Focused-DPO: Enhancing Code Generation Through Focused Preference Optimization on Error-Prone Points
Kechi Zhang | Ge Li | Jia Li | Yihong Dong | Jia Li | Zhi Jin
Findings of the Association for Computational Linguistics: ACL 2025
Kechi Zhang | Ge Li | Jia Li | Yihong Dong | Jia Li | Zhi Jin
Findings of the Association for Computational Linguistics: ACL 2025
Code generation models have shown significant potential for automating programming tasks. However, the challenge of generating accurate and reliable code persists due to the highly complex and long-reasoning nature of the task. Even state-of-the-art models often fail in code generation due to small errors, which can drastically affect the overall functionality of code. Our study identifies that current models tend to produce errors concentrated at specific error-prone points, which significantly impacts the accuracy of the generated code. To address this issue, we introduce Focused-DPO, a framework that enhances code generation by directing preference optimization towards these critical error-prone areas.
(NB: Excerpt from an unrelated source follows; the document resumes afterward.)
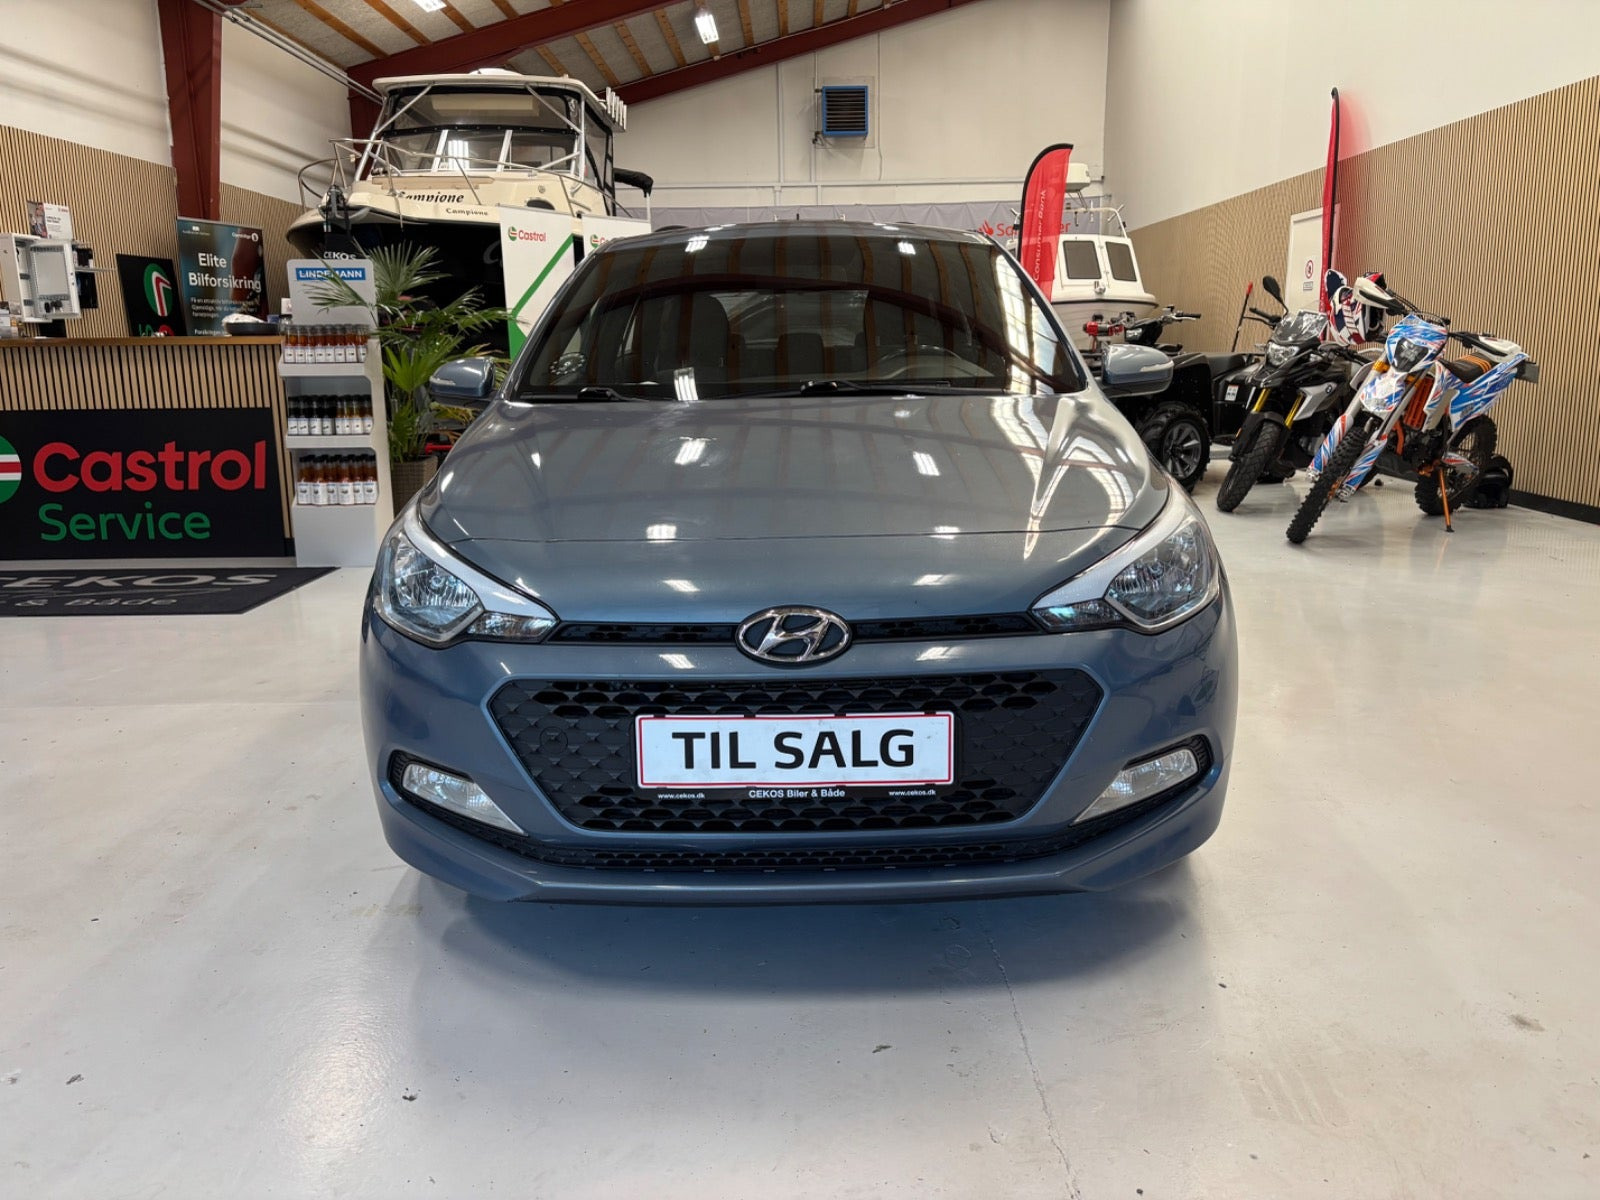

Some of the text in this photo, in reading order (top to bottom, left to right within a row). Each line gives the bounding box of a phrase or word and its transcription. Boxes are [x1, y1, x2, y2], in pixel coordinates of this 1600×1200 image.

This approach builds on Direct Preference Optimization, emphasizing accuracy in parts prone to errors. Additionally, we develop a method called Error-Point Identification, which constructs a dataset that targets these problematic points without requiring costly human annotations. Our experiments on benchmarks such as HumanEval(+), MBPP(+), and LiveCodeBench demonstrate that Focused-DPO significantly improves the precision and reliability of code generation, reducing common errors and enhancing overall code quality. By focusing on error-prone points, Focused-DPO advances the accuracy and functionality of model-generated code.